Worry not, old friend, soon we’ll talk Forty Sevens.
Sector SF’s commander runs what’s going on.

Now on to topics so much more nautical, 
like the ATON that watches in the regions aquatical.
They all watch quite properly, nothing seems strange,
in spite of the one fathom swing of the day’s tidal range.
Currents at max flood are three point one eight,
a person adrift would be sure tempting fate.

I’ll now speak of lifeboats, proud and tired though they be.
This hard-working crew have made two FMC.
Ready are the boats ‘267 and ‘245,
but fear not, lost sailor, the third’s still alive.
NMCM is the ‘292, but it can still save,
requires but a haircut; its stern needs a shave. 

Our three RB-S II’s are like a litter of pups:
Two are down hard and one is still up.
The ‘127 is NMCM, stuck on a trailer,
the ‘154’s cracked at KKMI with the Bertrams and Whalers,
the ‘157 is splashed and ready for sea, 
half drowned in rain but still FMC.

So that is the status at this Life Boat Station.
The cooks will soon be here with rations and bacon.
For a new day is dawning and the sea is still free
at STA Golden Gate in Twenty Twenty Three.

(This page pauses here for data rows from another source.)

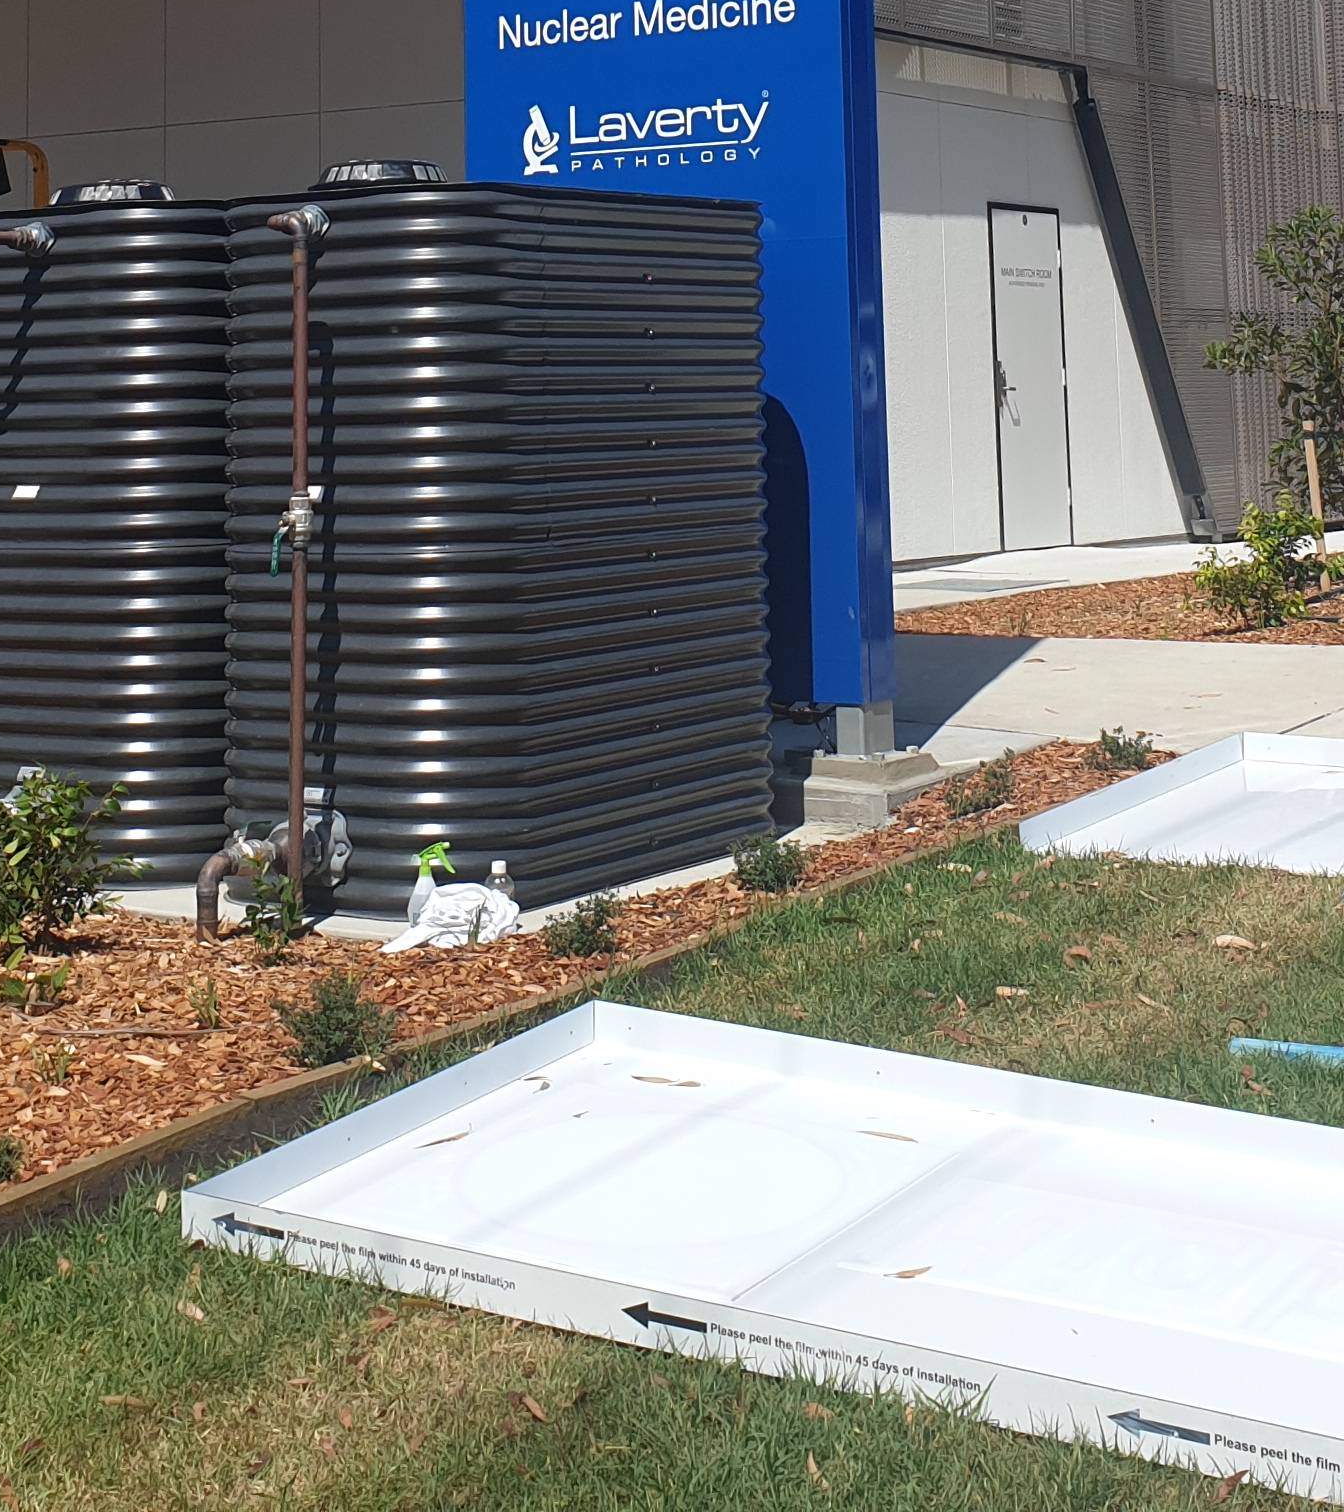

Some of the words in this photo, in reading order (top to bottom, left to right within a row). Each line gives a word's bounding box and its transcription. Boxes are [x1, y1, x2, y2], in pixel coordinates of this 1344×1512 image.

[498, 8, 623, 49] Nuclear
[569, 98, 769, 145] Laverty
[571, 147, 761, 173] PATHOLOGY
[287, 1231, 317, 1247] Please
[320, 1238, 339, 1251] peel
[341, 1243, 356, 1255] the
[359, 1247, 376, 1260] film
[379, 1251, 407, 1266] within
[410, 1258, 421, 1269] 45
[424, 1261, 446, 1276] days
[449, 1267, 458, 1277] of
[461, 1268, 516, 1291] installation
[710, 1323, 746, 1340] Please
[749, 1331, 772, 1345] peel
[774, 1337, 793, 1350] the
[795, 1342, 815, 1356] film
[819, 1348, 852, 1365] within
[856, 1354, 869, 1367] 45
[872, 1358, 898, 1375] days
[902, 1366, 914, 1378] of
[917, 1367, 981, 1393] installation
[1214, 1434, 1256, 1454] Please
[1260, 1445, 1288, 1461] peel
[1292, 1452, 1312, 1467] the
[1316, 1457, 1341, 1474] film

Seaman Dylyn J. Gonzales Coast Guard Cutter Oliver Henry

Consider this; a night on the open sea. Humans scratch and claw to get a taste of its glory and bounty. To both brave its harshness and enjoy its splendid serenity. But tonight, some of our crew sleep soundly, cradled in the warm arms of a blue lagoon named Tanapag Harbor, Saipan. Many remain up, staring at the sky as fireworks light up the beautiful island.

Tonight, We ring in the new year with the kind words of our protector, our vessel, our muse, good ol' Cutter Oliver Henry. No one but the man above and the righteous powers that be — Coast Guard Forces Micronesia/Sector Guam — know where. Our hatches battened to the tune of yoke, and our lights, shine true. The cutter sleeps now…as soundly as our small boat, its trusty ward, nestled softly in the notch.

I sit in silent reverence and reflection on the year that passed. A year that saw us travel throughout the vast Pacific bringing the ship to new horizons. A year of building relationships, some old and some new, for which we are stronger. A year that tested the constitution of these weathered warriors, whimsical poets, and staunch leaders who reside aboard. Lesser men and women may have faltered in the face of this, at times, arduous journey, but with apt fortitude, WE still stand.

Tonight, I am proud to hold my post in their stead. Tonight, I am their representative. Some call me Dylyn Jai. Some call me Gonzo, but tonight, I am no more than a humble sentry accompanying our intrepid vessel through the starry dead of night and into the new year.